The final vote in the council in November, 1910, on the' proposition to lease a tract on the water front to the Southern Pacific Company was nine to two in favor of the franchise. This was regarded as the settlement of fifty years of struggle over the water front claims. About the same time the war department conceded to Oakland the right to reclaim the submerged lands in the Key Route basin.

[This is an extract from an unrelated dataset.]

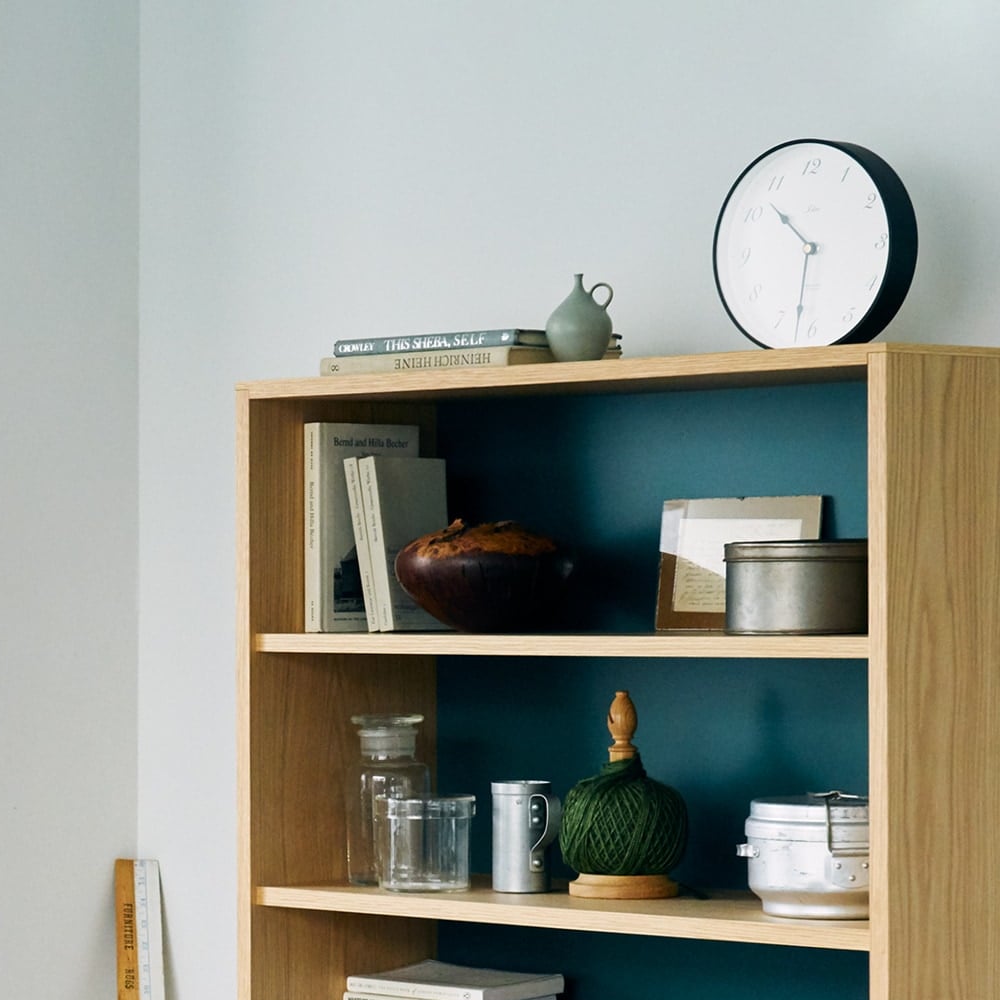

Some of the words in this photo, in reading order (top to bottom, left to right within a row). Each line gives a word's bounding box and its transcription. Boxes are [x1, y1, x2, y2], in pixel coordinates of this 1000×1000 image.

The Seventh street franchise for fifty years was granted to the Southern Pacific Company in December 1910 upon the following terms: (1) That the railroad should receive 5 per cent interest on the capital invested-$723,500; (2) that the railroad should also receive 2 per cent on this sum for a parking fund; (3) that the railroad should receive 70 per cent of the gross amount col- lected for cost of operation, taxes, etc. This was a definite and fixed percentage which should not be increased and during the term of the franchise should in- clude the cost to the railroad of renewals, betterments, etc., ordinarily included in the term "cost of operations;" (4) that the remainder should be divided between the company and the city in the proportion of 35 per cent to the city and 65 per cent to the company. This was called "the Oakland Plan."
CHAPTER V
TRANSPORTATION
There passed the Legislature on May 20, 1861, an act granting to certain persons "the right to construct and maintain a railroad through certain streets in the city of Oakland." The line ran from a point at or near the westerly end of the bridge leading from the city of Oakland to the town of Clinton to a point on the Bay of San Francisco, where the Alameda county shore approaches nearest to Yerba Buena Island, or at such a point as a railroad may be built from to said island. The right to so construct, maintain, and operate was granted to Rodmond Gibbons, William Hillegass, R. E. Cole, Samuel Wood, Joseph Black and George Goss, their associates, successors or assigns, for a period of fifty years. On November 20, 1861, right of way along Seventh street from its easterly limits to or near its junction with Market street, and thence in a straight line to the western boundary of the city, was granted and released to the San Francisco and Oakland Railroad Company, for the purpose of laying a single or double railroad track and the necessary side-tracks. On September 2, 1863, the first train of cars passed over the line, the track being completed from the end of the wharf to Broadway. After that date the cars made regular trips, in con- nection with the Contra Costa ferry-boat. The first engine and first three cars used on the line were built at Oakland Point by Mr. Young. The San Francisco and Alameda railroad was being constructed and its junction with the Oakland line was seriously contemplated. On April 1, 1865, the local line was extended to Larue's wharf, at San Antonio (Brooklyn) beyond which it did not go until purchased by the Central Pacific.